Ainsi, à teneur du détail de certains ordres de paiement – le dossier ne comportant pas l'ensemble de ceux-ci –,

-        en février 2017, ce compte a servi au paiement d'un ordre de CHF 2'247.50 correspondant au loyer (CHF 1'296.95.-), la prime maladie (CHF 608.85), les SIG (CHF 107.30), Y______ (CHF 200.95), à une facture de W______
(CHF 33.35);

-        en août 2017, il a servi au paiement d'un ordre de CHF 2'163.70 correspondant au loyer (CHF 1'296.95.-), la prime maladie (CHF 608.85), les SIG (CHF 51.45), Y______ (CHF 43.60), à une facture AIG
(CHF 39.50), à une facture de W______ (CHF 33.35), et à l'abonnement TPG (CHF 90.-).

f.         Le compte épargne, ouvert en 2000 auprès de L______, par A______, a été soldé le 9 avril 2018. Le solde créditeur de ce compte était de CHF 20'325.- en janvier 2013 et de CHF 73.95, le 31 décembre 2017.

Le 25 novembre 2016, la titulaire a donné une procuration à C______ et demandé une carte bancaire de remplacement (n°______).

Ce compte a fait l'objet de retraits en espèces les 13 juin 2013, de CHF 5'000.- au bancomat de J______ et 21 novembre 2013, de CHF 4'000.- au bancomat de U______. Ensuite, avec la carte bancaire de remplacement, il y a eu les retraits suivants, tous au bancomat de J______ : les 5 décembre 2016, de CHF 5'000.-, 12 décembre 2016, de CHF 5'000.-, 2 juin 2017, de CHF 700.- et 6 juin 2017, de CHF 550.-.

g.        Le 8 octobre 2019, C______ a remis, sur demande, la documentation bancaire concernant son compte auprès de la Banque M______.

h.        Il ressort du rapport de renseignements du 20 décembre 2019 que, s'il n'y avait eu aucun transfert direct entre les comptes de A______ et ceux de C______, le compte italien de C______ avait souvent été alimenté par le compte suisse de ce dernier.
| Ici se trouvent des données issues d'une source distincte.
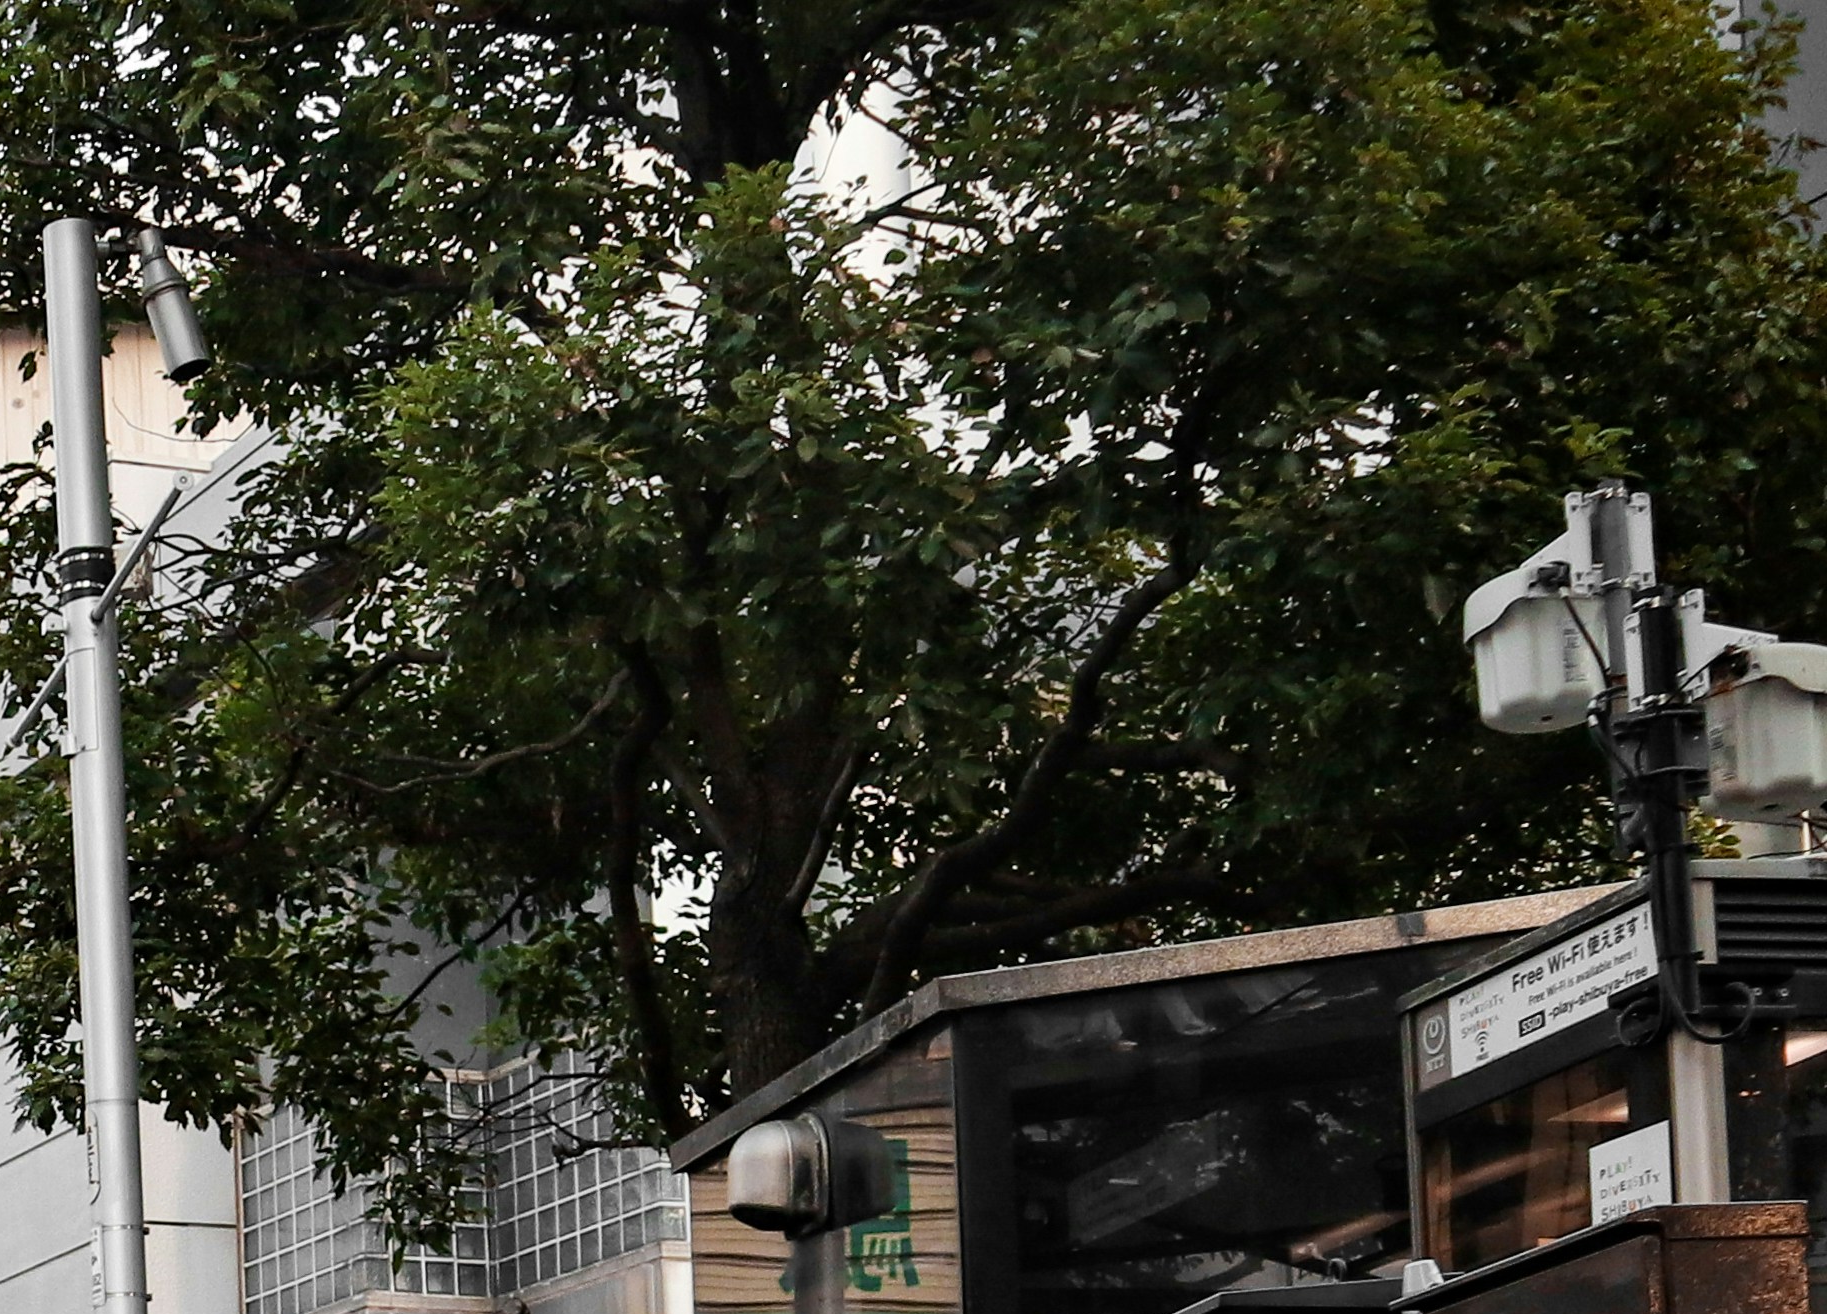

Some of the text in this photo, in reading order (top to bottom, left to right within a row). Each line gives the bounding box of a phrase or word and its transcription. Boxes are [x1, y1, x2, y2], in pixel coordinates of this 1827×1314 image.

En outre, la police a mis en évidence une quarantaine de crédits du compte L______ de C______ concomitants à des débits des comptes E______ de A______, pour plus de CHF 118'000.-, soit:

-        6 versements en espèces sur le compte L______, une à deux heures après un retrait en espèces du compte E______;

-        2 versements en espèces sur le compte L______, quelques heures après un retrait en espèces du compte E______;

-        17 versements en espèces sur le compte L______, un jour après un retrait en espèces du compte E______;

-        15 versements en espèces sur le compte L______, entre 2 et 3 jours après un retrait en espèces du compte E______.
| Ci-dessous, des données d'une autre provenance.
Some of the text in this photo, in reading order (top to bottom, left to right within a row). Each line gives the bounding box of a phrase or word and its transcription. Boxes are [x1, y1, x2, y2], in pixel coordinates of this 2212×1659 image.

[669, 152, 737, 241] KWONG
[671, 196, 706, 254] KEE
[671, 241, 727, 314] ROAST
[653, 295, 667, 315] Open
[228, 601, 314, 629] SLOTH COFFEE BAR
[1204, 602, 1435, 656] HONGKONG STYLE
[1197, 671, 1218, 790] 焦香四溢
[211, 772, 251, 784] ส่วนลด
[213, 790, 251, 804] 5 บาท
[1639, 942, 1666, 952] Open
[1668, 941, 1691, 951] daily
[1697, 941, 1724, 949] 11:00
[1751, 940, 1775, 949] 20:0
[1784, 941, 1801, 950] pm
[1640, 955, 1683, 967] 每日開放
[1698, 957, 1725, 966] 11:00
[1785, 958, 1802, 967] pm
i.          Entendu une nouvelle fois par la police le 25 avril 2022 concernant cesdites opérations bancaires, C______ a en substance déclaré qu'il s'agissait de coïncidences.

Concernant la source de ses revenus, soit CHF 5'000.- à CHF 7'000.- versés comptant mensuellement sur ses comptes bancaires L______, entre février 2013 et juillet 2017, il a expliqué qu'après le chômage, il avait contacté ses anciens clients qu'il facturait directement lors d’installation ou de dépannage afin de récupérer immédiatement l’argent en espèces. Ensuite, lorsqu’il avait trop d’argent à son domicile, il le versait au bancomat de L______, à côté de son domicile. Sa compagne et son fils, Z______, lui versaient également une participation en espèces pour les frais du ménage.

j.          L’Administration fiscale cantonale a fourni notamment les copies des déclarations fiscales des années 2013 à 2017, les comptes de résultat et les bilans de AA_____, de 2014 à 2017.

C______ avait déclaré un revenu brut (activité dépendante) de CHF 35'512.- en 2013; de CHF 16'490.- – dont CHF 11'239.- de bénéfice net de la société – en 2014; de CHF 23'840.- – dont CHF 5'584.- de bénéfice net de la société – en 2015; de CHF 30'251 – dont CHF 11'239.- de bénéfice net de la société –en 2016; de CHF 14'070.- – dont CHF 4'362.- de bénéfice net de la société – en 2017. Il a à chaque fois annoncé être titulaire de comptes auprès de E______, et n'a annoncé aucun compte L______.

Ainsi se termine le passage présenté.